■ Saved entries
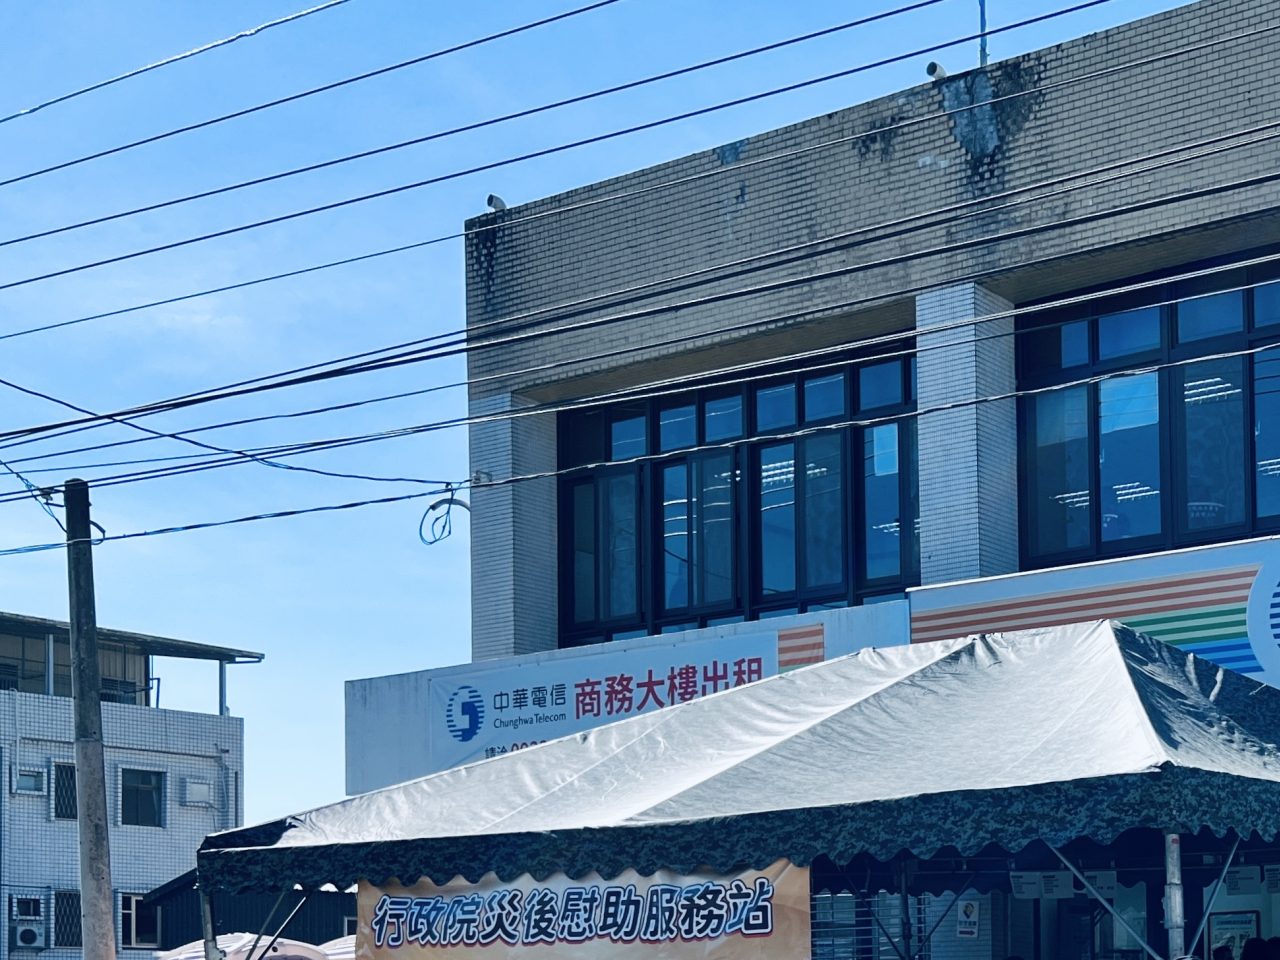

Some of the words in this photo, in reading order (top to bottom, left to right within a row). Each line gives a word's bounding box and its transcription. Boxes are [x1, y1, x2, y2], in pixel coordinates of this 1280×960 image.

[493, 683, 567, 713] 中華電信
[574, 656, 763, 721] 商務大樓出租
[493, 715, 534, 730] Chunghwa
[534, 712, 567, 724] Telecom
[372, 876, 774, 948] 行政院災後慰助服務站

■ EXERCISE DESCRIPTION
The reply must hold every line above exactly as written and none of the pictures.

■ EXPECTED OUTPUT
Some of the words in this photo, in reading order (top to bottom, left to right within a row). Each line gives a word's bounding box and its transcription. Boxes are [x1, y1, x2, y2], in pixel coordinates of this 1280×960 image.

[493, 683, 567, 713] 中華電信
[574, 656, 763, 721] 商務大樓出租
[493, 715, 534, 730] Chunghwa
[534, 712, 567, 724] Telecom
[372, 876, 774, 948] 行政院災後慰助服務站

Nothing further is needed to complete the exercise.